The space, located on Passeig de Montjuïc, has become a key hub for the city’s underground and emerging scenes, hosting small and medium-format events ranging from electronic nights and live bands to exhibitions, screenings and workshops. Its team says that model has become increasingly difficult to sustain in Barcelona’s current cultural and economic climate.
According to the fundraising campaign, 2024 was “one of our worst years”, marked by a series of blows: complaints, fines, leaks, a temporary closure order from the city council and embargoes, including the seizure of €7,000 from a Covid-related subsidy. The situation, they add, did not improve in 2025.
“We’re still open by miracle, thanks to the help of many friends, but we have a lot of debts we need to start clearing,” the association explains in its appeal.
The money raised is earmarked primarily for overdue rent, described as the most urgent issue given the risk of being forced out of the premises. Additional funds would go towards paying suppliers, repaying loans that have kept the venue operating, and carrying out essential repairs after nearly eight years of activity. Priority works include the dancefloor, ceiling and bathrooms, which the association says can no longer be postponed.
Meteoro also highlights that part of its long-term problems stem from behaviour in the public space outside the venue. Noise, people drinking in the street and taking drinks outside are cited as the source of “90%” of its conflicts with neighbours and authorities. The association is asking regulars to cooperate by keeping the street quiet and avoiding outdoor drinking as a “totally free” way to support the project.
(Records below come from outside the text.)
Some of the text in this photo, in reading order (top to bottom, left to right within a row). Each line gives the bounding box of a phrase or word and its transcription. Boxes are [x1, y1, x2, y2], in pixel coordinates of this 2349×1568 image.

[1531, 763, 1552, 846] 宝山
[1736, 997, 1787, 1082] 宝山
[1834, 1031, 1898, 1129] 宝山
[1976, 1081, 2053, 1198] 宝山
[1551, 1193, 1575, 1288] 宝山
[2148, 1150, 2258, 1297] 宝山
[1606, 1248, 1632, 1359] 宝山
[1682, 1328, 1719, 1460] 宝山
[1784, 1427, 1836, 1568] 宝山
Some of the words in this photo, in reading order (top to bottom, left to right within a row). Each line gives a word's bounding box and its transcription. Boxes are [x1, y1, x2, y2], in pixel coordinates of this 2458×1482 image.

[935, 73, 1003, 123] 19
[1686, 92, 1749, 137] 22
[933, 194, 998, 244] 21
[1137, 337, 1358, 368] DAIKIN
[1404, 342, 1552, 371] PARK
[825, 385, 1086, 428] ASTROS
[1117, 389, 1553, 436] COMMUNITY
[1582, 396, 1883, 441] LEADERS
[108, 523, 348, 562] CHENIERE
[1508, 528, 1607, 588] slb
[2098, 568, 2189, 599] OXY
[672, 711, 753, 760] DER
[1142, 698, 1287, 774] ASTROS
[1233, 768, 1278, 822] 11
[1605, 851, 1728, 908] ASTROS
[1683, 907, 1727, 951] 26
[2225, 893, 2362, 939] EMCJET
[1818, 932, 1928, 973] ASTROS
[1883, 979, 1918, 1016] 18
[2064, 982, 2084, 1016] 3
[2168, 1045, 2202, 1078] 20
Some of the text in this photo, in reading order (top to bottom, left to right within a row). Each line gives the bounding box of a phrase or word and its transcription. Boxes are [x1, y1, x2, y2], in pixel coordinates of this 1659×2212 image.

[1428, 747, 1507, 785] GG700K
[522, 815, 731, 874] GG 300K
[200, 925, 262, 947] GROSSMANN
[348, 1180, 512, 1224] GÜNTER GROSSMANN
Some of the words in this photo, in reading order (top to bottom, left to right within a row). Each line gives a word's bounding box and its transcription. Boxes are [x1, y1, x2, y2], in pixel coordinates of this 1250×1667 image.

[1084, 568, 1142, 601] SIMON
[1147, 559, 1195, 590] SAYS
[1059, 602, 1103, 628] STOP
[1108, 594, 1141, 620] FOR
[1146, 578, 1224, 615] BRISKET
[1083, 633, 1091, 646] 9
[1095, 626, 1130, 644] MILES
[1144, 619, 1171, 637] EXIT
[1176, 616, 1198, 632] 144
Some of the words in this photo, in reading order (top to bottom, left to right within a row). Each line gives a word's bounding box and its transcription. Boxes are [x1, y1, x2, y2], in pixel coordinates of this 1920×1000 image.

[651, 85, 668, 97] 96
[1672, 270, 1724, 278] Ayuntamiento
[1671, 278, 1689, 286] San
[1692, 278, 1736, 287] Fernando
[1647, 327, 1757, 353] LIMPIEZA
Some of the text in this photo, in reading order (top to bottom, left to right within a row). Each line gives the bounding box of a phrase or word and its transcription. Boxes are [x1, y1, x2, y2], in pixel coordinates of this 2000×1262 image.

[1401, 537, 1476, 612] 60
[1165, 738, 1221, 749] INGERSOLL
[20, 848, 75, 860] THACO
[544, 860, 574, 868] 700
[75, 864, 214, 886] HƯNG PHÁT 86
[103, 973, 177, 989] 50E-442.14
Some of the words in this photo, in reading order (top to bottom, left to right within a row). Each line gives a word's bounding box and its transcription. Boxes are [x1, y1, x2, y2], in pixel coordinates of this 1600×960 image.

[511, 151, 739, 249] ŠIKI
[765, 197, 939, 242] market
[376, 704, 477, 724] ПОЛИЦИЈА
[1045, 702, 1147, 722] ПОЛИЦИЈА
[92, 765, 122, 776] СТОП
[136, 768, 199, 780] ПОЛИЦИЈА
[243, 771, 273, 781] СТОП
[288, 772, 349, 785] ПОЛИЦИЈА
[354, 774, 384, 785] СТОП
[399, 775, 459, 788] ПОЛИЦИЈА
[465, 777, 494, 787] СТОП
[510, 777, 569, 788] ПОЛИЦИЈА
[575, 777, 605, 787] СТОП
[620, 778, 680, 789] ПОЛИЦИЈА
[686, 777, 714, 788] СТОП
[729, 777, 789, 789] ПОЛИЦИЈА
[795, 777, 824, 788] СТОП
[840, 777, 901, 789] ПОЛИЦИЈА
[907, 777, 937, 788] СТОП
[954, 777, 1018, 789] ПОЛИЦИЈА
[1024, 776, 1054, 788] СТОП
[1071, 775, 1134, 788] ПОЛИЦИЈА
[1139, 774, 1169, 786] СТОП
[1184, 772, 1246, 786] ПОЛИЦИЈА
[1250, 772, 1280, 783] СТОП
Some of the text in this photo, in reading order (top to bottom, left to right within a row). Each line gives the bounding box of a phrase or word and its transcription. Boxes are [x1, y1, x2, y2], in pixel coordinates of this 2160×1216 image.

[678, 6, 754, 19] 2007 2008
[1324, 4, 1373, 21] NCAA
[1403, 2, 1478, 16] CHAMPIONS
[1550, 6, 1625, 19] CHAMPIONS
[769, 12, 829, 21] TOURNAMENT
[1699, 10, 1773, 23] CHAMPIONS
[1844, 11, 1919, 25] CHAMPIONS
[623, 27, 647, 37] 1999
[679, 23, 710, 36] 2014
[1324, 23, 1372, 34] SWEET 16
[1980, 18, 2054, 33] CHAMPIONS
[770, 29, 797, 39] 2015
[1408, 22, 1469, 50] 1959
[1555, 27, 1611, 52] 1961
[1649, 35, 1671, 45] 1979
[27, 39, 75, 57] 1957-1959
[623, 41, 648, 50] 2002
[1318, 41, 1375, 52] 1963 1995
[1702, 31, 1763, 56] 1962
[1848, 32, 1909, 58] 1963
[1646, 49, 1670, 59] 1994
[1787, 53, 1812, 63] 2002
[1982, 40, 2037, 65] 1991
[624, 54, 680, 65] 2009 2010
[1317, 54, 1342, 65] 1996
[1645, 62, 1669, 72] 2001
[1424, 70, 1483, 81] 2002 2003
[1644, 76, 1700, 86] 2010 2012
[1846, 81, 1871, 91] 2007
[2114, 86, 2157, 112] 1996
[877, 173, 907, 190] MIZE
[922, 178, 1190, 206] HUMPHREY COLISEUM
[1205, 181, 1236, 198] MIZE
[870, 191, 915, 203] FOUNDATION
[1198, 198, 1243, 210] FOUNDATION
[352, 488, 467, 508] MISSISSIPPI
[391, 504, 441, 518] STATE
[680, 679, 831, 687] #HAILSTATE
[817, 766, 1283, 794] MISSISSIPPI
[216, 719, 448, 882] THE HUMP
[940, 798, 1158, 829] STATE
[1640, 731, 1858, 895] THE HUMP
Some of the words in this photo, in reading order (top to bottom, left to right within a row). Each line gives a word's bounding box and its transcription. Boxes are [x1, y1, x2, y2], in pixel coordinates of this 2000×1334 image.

The campaign situates Meteoro’s difficulties within a broader transformation of Barcelona’s cultural landscape. It references a municipal urban plan presented in May that focuses on renovating or building large music facilities for audiences of 4,000 to 20,000 people, designed to attract major international tours. Meteoro’s statement laments that such strategies do not address the needs of small local collectives or independent artists.
Journalist and cultural manager Aïda Camprubí, co-director of the Barcelona Acció Musical (BAM) festival, has lent her voice to the campaign. In an accompanying text, she describes Meteoro as one of the small-format spaces that “shape identity and preserve the essence” of a city increasingly dominated by large structures geared towards tourism.
She notes that Meteoro has already survived a pandemic, fines and repeated inspections, and argues that its continued existence depends on the everyday involvement of those who use it: working, programming, drinking at the bar rather than in the street, playing, DJing and respecting neighbours’ rest.
Camprubí frames the venue’s struggle as a response to what she calls the “expat-isation” of Barcelona, in which small local circuits are squeezed by rising costs and a lack of institutional recognition. “We’ve seen too many spaces closing in recent months because they cannot cope with economic demands and the invisibility of their needs,” she writes, calling for attention and action at the local level.
As of late November, the GoFundMe campaign had surpassed €8,500, around 43% of its target, backed by hundreds of individual donations. Whether that support will be enough to secure Meteoro’s future remains uncertain, but the association insists that keeping such spaces alive is essential if Barcelona’s everyday cultural life is to continue beyond its growing landscape of large-scale venues and tourist-oriented attractions.
Barcelona’s Meteoro cultural association has launched a €20,000 crowdfunding campaign in a last-ditch effort to clear debts, pay back rent and carry out basic repairs, warning that the venue is “on the verge of closing”.